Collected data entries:
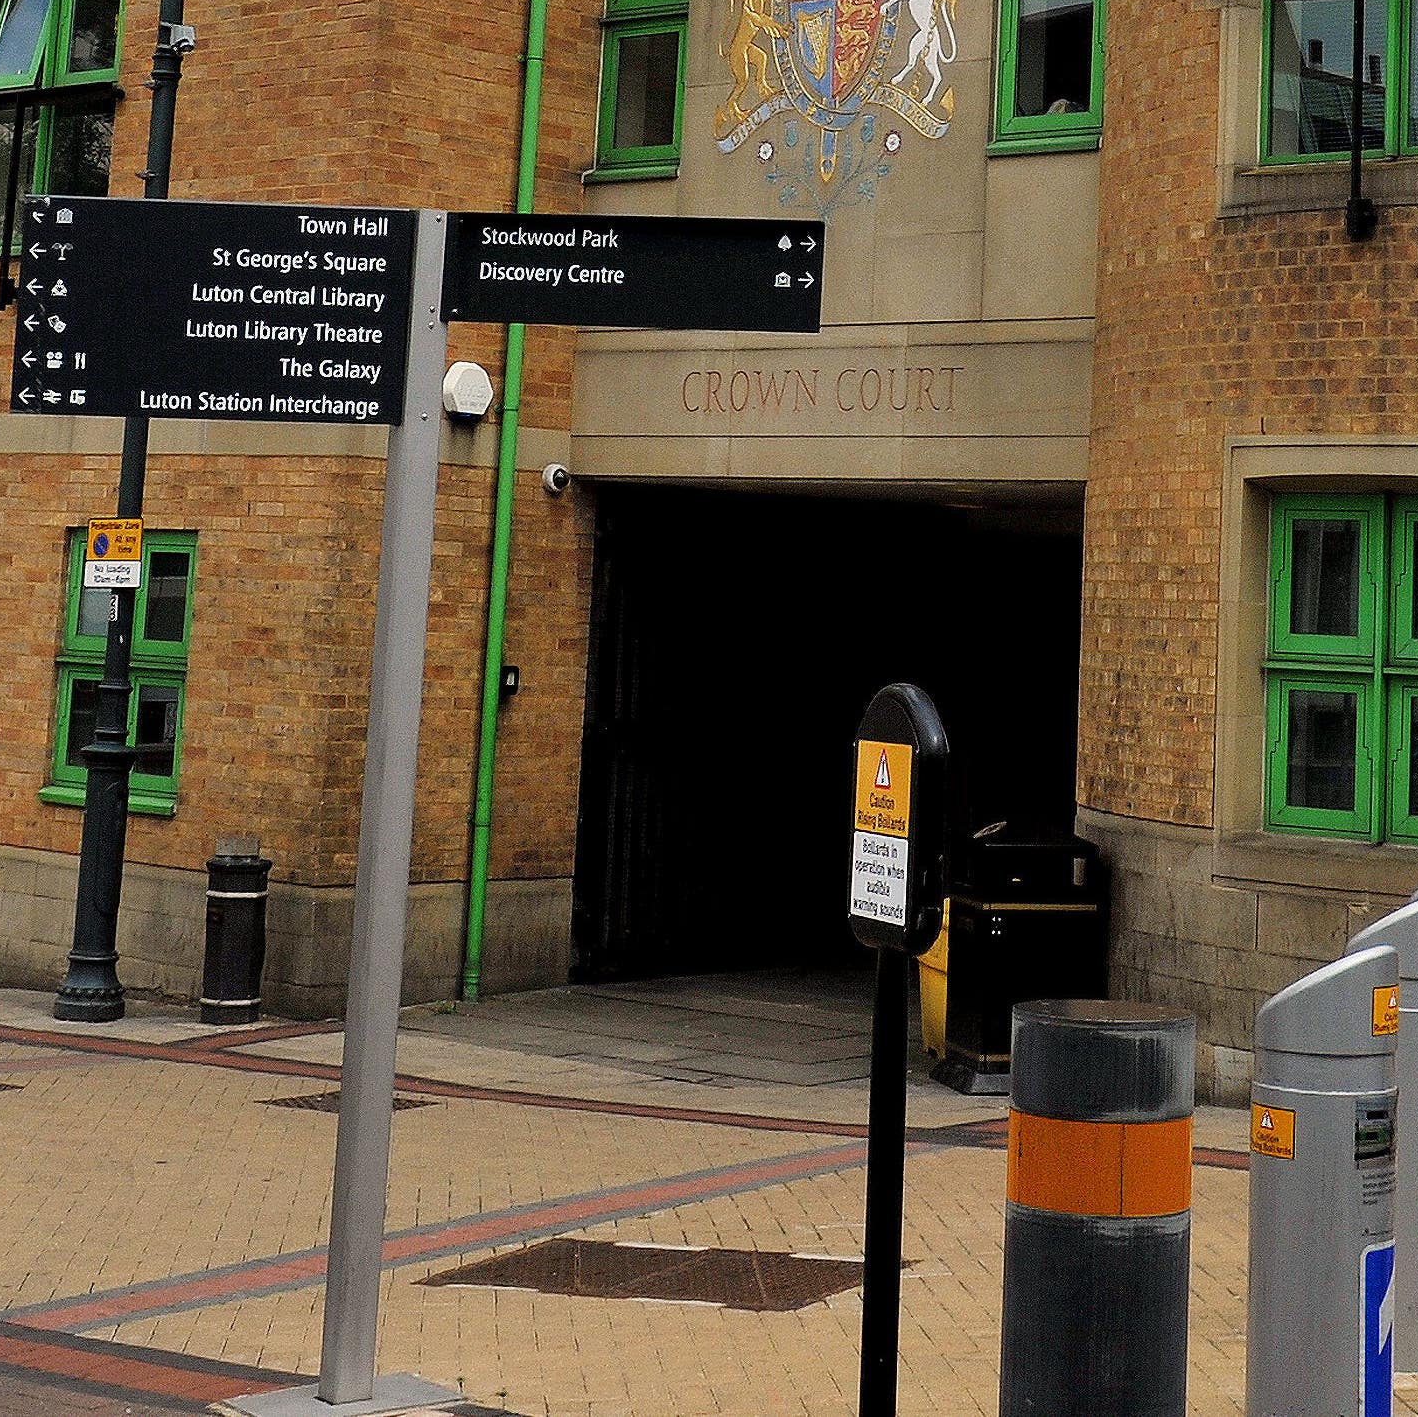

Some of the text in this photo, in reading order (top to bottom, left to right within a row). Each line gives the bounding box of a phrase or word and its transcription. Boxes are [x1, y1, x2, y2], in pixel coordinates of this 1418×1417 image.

[298, 215, 389, 237] Town Hall
[481, 226, 619, 249] Stockwood Park
[212, 247, 387, 275] St George's Square
[479, 261, 625, 287] Discovery Centre
[191, 282, 386, 313] Luton Central Library
[186, 318, 383, 346] Luton Library Theatre
[279, 357, 382, 385] The Galaxy
[140, 389, 380, 420] Luton Station Interchange
[682, 367, 965, 414] CROWN COURT
[869, 792, 896, 811] Caution
[857, 809, 906, 832] Rising Bollards
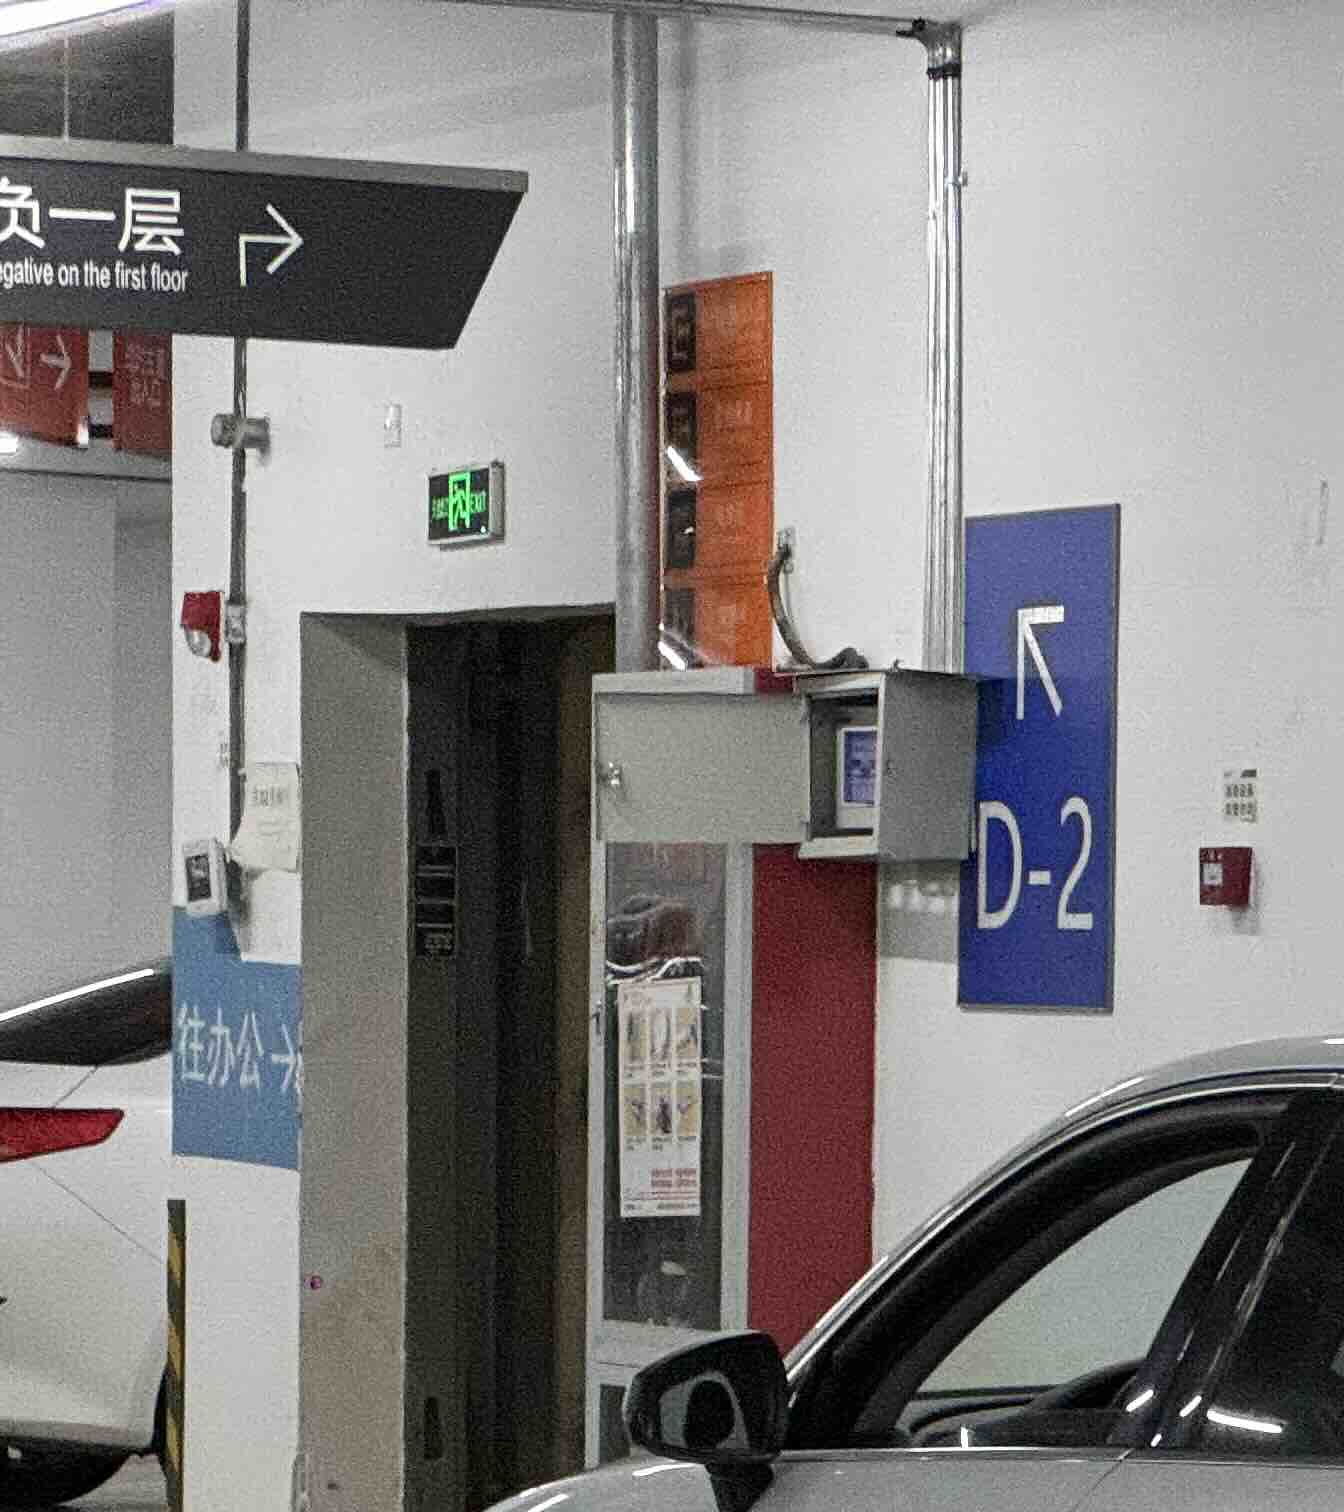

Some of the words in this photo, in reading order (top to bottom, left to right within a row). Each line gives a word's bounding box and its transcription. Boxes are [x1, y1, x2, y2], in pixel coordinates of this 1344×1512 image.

[0, 176, 185, 256] 负一层
[58, 264, 80, 288] on
[84, 258, 111, 289] the
[115, 259, 147, 291] first
[151, 260, 189, 292] floor
[977, 796, 1094, 930] D-2
[178, 1001, 264, 1093] 往办公

## Task to carry out
Could the data above be copied out exactly, with no pictures kept?

## Response below
Some of the text in this photo, in reading order (top to bottom, left to right within a row). Each line gives the bounding box of a phrase or word and its transcription. Boxes are [x1, y1, x2, y2], in pixel coordinates of this 1418×1417 image.

[298, 215, 389, 237] Town Hall
[481, 226, 619, 249] Stockwood Park
[212, 247, 387, 275] St George's Square
[479, 261, 625, 287] Discovery Centre
[191, 282, 386, 313] Luton Central Library
[186, 318, 383, 346] Luton Library Theatre
[279, 357, 382, 385] The Galaxy
[140, 389, 380, 420] Luton Station Interchange
[682, 367, 965, 414] CROWN COURT
[869, 792, 896, 811] Caution
[857, 809, 906, 832] Rising Bollards

Some of the words in this photo, in reading order (top to bottom, left to right within a row). Each line gives a word's bounding box and its transcription. Boxes are [x1, y1, x2, y2], in pixel coordinates of this 1344×1512 image.

[0, 176, 185, 256] 负一层
[58, 264, 80, 288] on
[84, 258, 111, 289] the
[115, 259, 147, 291] first
[151, 260, 189, 292] floor
[977, 796, 1094, 930] D-2
[178, 1001, 264, 1093] 往办公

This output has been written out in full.